You can see this problem in virtually any story where the issues are
largely technical. I work in pro audio, and I see it it the reviews of
the acoustics of performance spaces, and of the sound at public events.
My wife is a scientist working in the development side of the
pharmaceutical industry. She sees it in reporting on that industry, and
even in publications that try very hard to be impartial (like Consumer
Reports).


Until this system is exposed and discredited, we can expect to be the
loser in any public relations game. What we SHOULD be doing is writing
to the editors of these publications and urging them to hire engineers
who are technically competent with respect to these issues, are good
writers, and have the professionalism to treat them in a truly
impartial fashion.


I agree with everything up until your last paragraph, Jim.
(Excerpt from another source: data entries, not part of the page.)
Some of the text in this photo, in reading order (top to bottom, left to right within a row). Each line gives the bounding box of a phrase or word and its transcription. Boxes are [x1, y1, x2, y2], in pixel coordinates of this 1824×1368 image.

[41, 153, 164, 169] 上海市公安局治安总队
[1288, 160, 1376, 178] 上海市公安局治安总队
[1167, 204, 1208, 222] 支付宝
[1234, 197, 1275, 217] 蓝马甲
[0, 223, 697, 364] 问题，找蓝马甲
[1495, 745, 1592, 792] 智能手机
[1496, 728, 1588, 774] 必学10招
I don't think that the cure is having an engineer do the writing, I believe it is having a writer that knows how to talk to engineers. The engineer by training will profess in his or her field, and at least the ones I know will usually defer to another once the subject matter is not what they have been trained in. Wonderful for engineering, but not for writing. Much better a technically oriented writer that can communicate with the "smart guys".

I agree that having non-technical people trying to write technical based stories is a bad thing.
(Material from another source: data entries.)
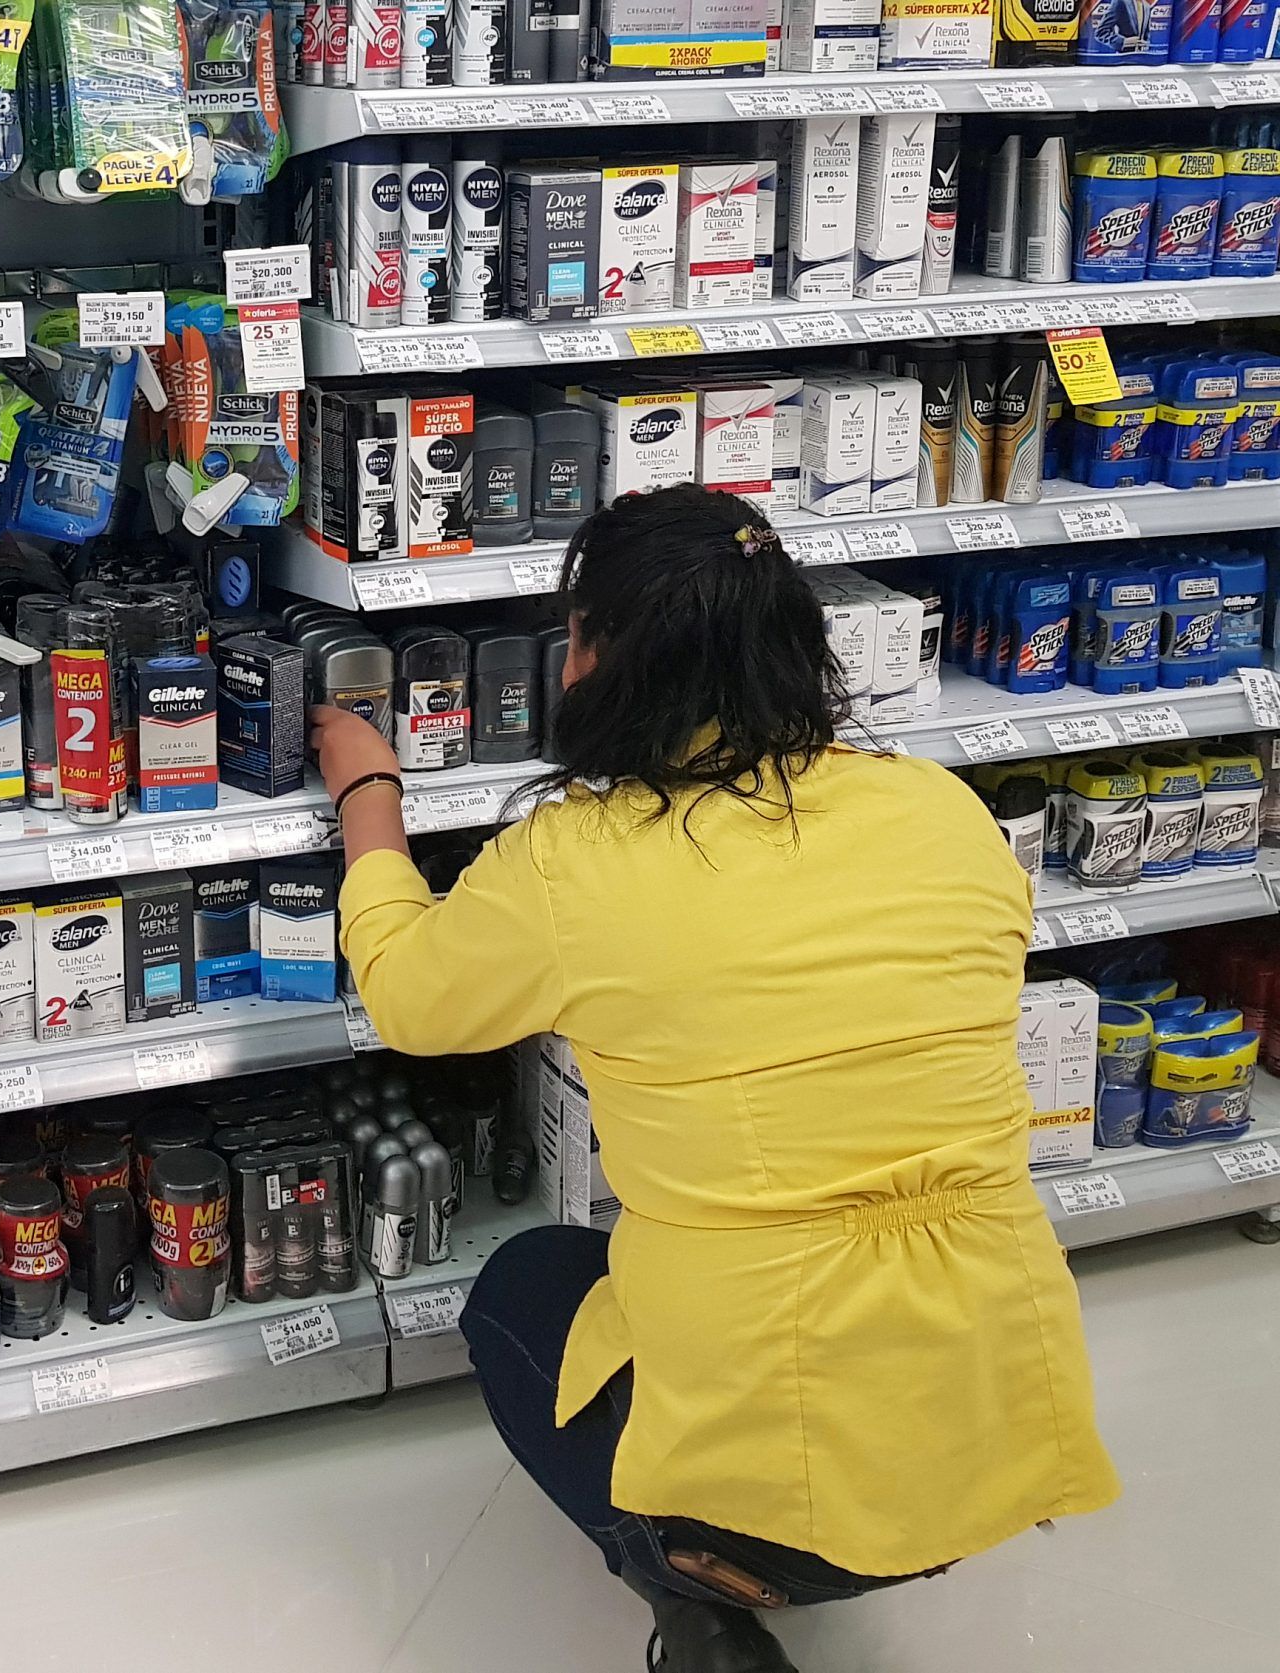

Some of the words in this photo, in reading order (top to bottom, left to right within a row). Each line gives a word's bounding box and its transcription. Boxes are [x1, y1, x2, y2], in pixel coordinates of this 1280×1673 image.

[904, 4, 932, 14] SÚPER
[934, 3, 969, 14] OFERTA
[971, 1, 989, 14] X2
[935, 26, 969, 38] Rexona
[669, 47, 712, 59] 2XPACK
[671, 57, 709, 66] AHORRO
[200, 64, 241, 76] Schick
[263, 30, 274, 111] PRUÉBALA
[189, 93, 240, 105] HYDRO
[242, 91, 258, 108] 5
[1107, 156, 1116, 174] 2
[1116, 155, 1146, 165] PRECIO
[1115, 165, 1146, 175] ESPECIAL
[617, 168, 641, 177] SÚPER
[642, 167, 664, 176] OFERTA
[891, 170, 922, 179] AEROSOL
[411, 182, 445, 192] NIVEA
[414, 191, 442, 201] MEN
[547, 191, 587, 209] Dove
[614, 193, 666, 207] Balance
[546, 210, 574, 222] MEN
[705, 206, 744, 218] Rexona
[546, 217, 586, 230] +CARE
[703, 220, 740, 229] CLINICAL
[1100, 208, 1141, 231] SPEED
[618, 224, 661, 235] CLINICAL
[1104, 221, 1142, 244] STICK
[411, 232, 444, 243] INVISIBLE
[548, 240, 585, 249] CLINICAL
[251, 309, 276, 317] oferta
[253, 326, 274, 339] 25
[1057, 328, 1081, 336] oferta
[1059, 356, 1084, 371] 50
[193, 357, 209, 423] NUEVA
[416, 404, 440, 412] NUEVO
[441, 401, 470, 410] TAMAÑO
[426, 412, 460, 424] SÚPER
[424, 422, 463, 434] PRECIO
[50, 441, 89, 454] TITANIUM
[430, 449, 453, 457] NIVEA
[425, 475, 459, 486] INVISIBLE
[426, 543, 461, 553] AEROSOL
[1223, 595, 1257, 607] Gillette
[57, 672, 102, 690] MEGA
[57, 687, 103, 700] CONTENIDO
[417, 717, 442, 728] SÚPER
[446, 715, 463, 726] X2
[66, 708, 96, 751] 2
[153, 772, 179, 781] PRESSURE
[182, 771, 206, 779] DEFENSE
[1103, 823, 1139, 845] SPEED
[1106, 839, 1139, 858] STICK
[60, 939, 79, 949] MEN
[75, 975, 115, 986] PROTECTION
[1073, 1108, 1090, 1122] X2
[15, 1219, 59, 1242] MEGA
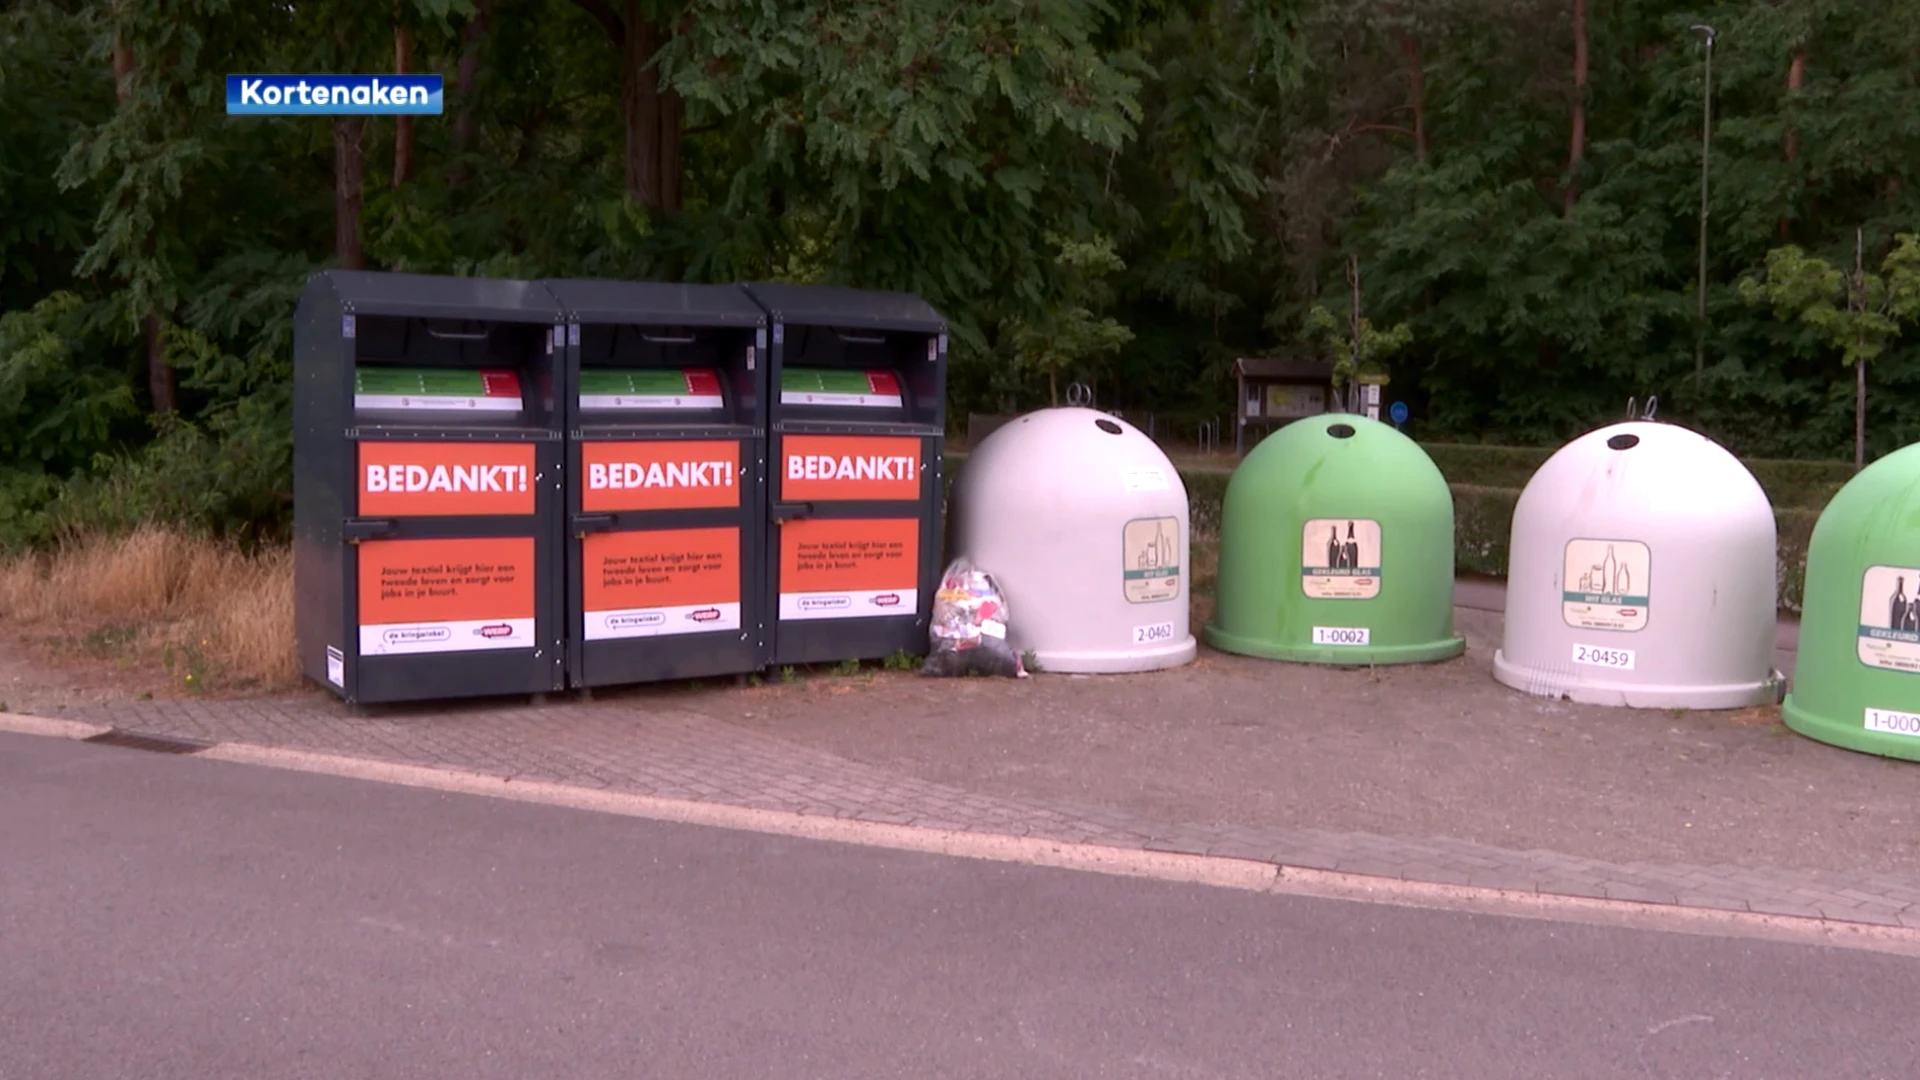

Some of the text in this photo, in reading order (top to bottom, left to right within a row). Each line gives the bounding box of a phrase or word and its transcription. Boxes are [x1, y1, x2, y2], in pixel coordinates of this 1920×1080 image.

[788, 455, 914, 480] BEDANKT!
[367, 464, 527, 492] BEDANKT!
[589, 461, 732, 489] BEDANKT!
[604, 556, 628, 565] Jouw
[630, 555, 658, 564] textiel
[660, 554, 684, 564] krijgt
[687, 552, 704, 560] hier
[381, 564, 515, 575] Jouw textiel krijgt hier een
[603, 566, 636, 575] tweede
[638, 564, 662, 573] leven
[678, 564, 700, 573] zorgt
[1352, 568, 1372, 576] GLAS
[381, 577, 417, 586] tweede
[420, 576, 447, 585] leven
[465, 576, 490, 585] zorgt
[603, 575, 672, 588] jobs in je buurt.
[380, 588, 458, 600] jobs in je buurt.
[1138, 624, 1172, 642] 2-0462
[1320, 629, 1364, 643] 1-0002
[1870, 629, 1919, 642] GEKLEURD
[1578, 646, 1629, 666] 2-0459
One of the problems is that the non-technical writer is listening to the Marketing wonks that are pitching their sell to him in a language he or she can understand. They know *very* well how to do that. We're showing a ham working mobile.

Lighthearted mode on:

Possible ARS oriented commercial:

A hurricane tears a southern town apart. An operator is trying to get a message through to another place to order medical supplies. The station on the other end keeps asking him to repeat because of all the electrical noise. Cut to a dark room, with a teenager surfing the web with a buddy. One turns to the other, saying "Wow, I'm glad we got BPL, I've never been able to download the pix from "Barely legal Babes of (Insert that same city's name here) so fast before we got BPL!"

Screen goes black with scrolling text: We lost our emergency communications - at least our kids can download porn! - Support BPL???

Lighthearted mode off.............. maybe.